Let’s call GPT and Friends: ‘Wide AI’ (and not ‘AGI’)

Sam Altman has said on his blog about Artificial General Intelligence (i.e. human-level-like AI):

“We are now confident we know how to build AGI as we have traditionally understood it.”

Sam Altman — Reflections

This, of course, gets the viral-sphere going. Sam, after all, has a megaphone. Now, this is in part traditionally ‘Slippery Sam’, because what is ‘as we have traditionally understood it’? Sam and his compatriots have all the hallmarks of a prophet (if he truly believes what he is saying, a con man otherwise) and thus he deals in messianic results (solving energy, climate, materials, everything), not a lot of hard facts, and if something doesn’t show up, a new prophecy comes along. He also has disciples and followers.

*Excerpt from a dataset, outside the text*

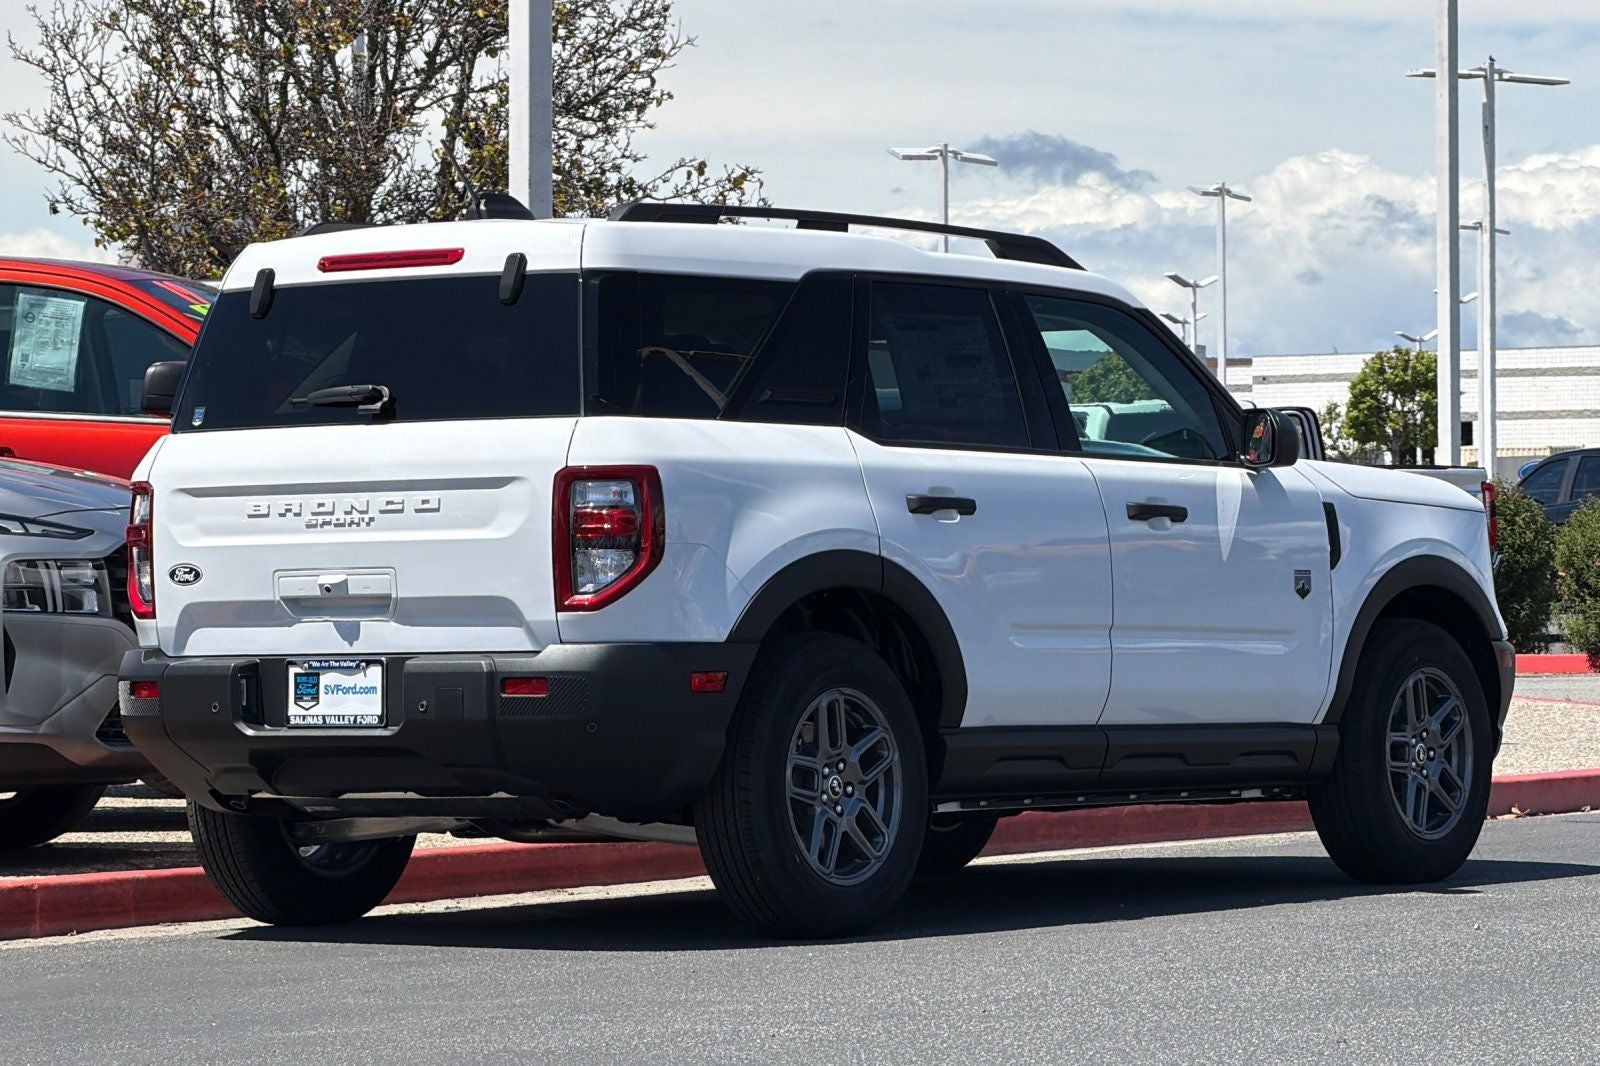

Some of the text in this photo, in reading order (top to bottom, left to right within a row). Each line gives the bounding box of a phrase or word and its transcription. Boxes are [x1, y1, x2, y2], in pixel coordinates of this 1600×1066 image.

For many, prophecy is enough. Not for some, and we need to be more precise and realistic. So, what is AGI? There are two sources at this time to go to for a definition of AGI.

  • There is the very good 2019(!) article On the Measure of Intelligence, by Google engineer and founder of the ARC-AGI benchmark (that OpenAI’s o3 has done remarkably well on, that is, on the PUB-version, more on that later) François Chollet (remember that name).
  • And there is the overview and definition (2023) paper Levels of AGI: Operationalizing Progress on the Path to AGI from the serious people at Google DeepMind. This paper can be seen as the result of definitions by Legg (DeepMind cofounder), Goertzel and more. I suspect it is that definition that many people (unknowingly, often) use.

Chollet’s definition of AGI

This is how Chollet defines what you must measure to measure AGI:

The intelligence of a system is a measure of its skill-acquisition efficiency over a scope of tasks, with respect to priors, experience, and generalization difficulty.

François Chollet — On the Measure of Intelligence (2019).

What Chollet specifically focuses on are two aspects:

  • The system must not simply be good at (a wide range of) skills. It must be able to learn a skill;
  • The system must be efficient in learning a skill.

The issue of the latter is that if you throw enough compute at being good at a skill, you can brute-force your way around intelligence. You become good at the skill, without actually having ‘understood’ that skill in an intelligent way. Being good at something without understanding shows up for instance as not being able to handle outlier situations. Gary Marcus is often pointing out the ‘outlier’ problem when someone is silly enough to claim anything AGI-like today.

Chollet has actually also created a mathematical foundation for this. And what is more, he has devised a first actual benchmark that tests for this, the ARC-AGI (Abstract Reasoning Corpus — AGI). Now, Scoring good on ARC-AGI doesn’t mean you have AGI. But without scoring good at ARC-AGI you cannot have AGI. The ARC-AGI has been turned into a grand prize at The ARC Prize. Ace it and you’ll win $1 million. It is a set of unpredictable tasks that require you to use your priors in a new way at every test. Here is an example:

Example puzzle from arcprize.org

You get three examples (on the left), and then you have to give your answer on the right. It is pretty easy to do for humans, but it is very hard for AI, including the likes of GPT4. You can play a daily puzzle here.

DeepMind’s definition of (Levels of) AGI (and the problem)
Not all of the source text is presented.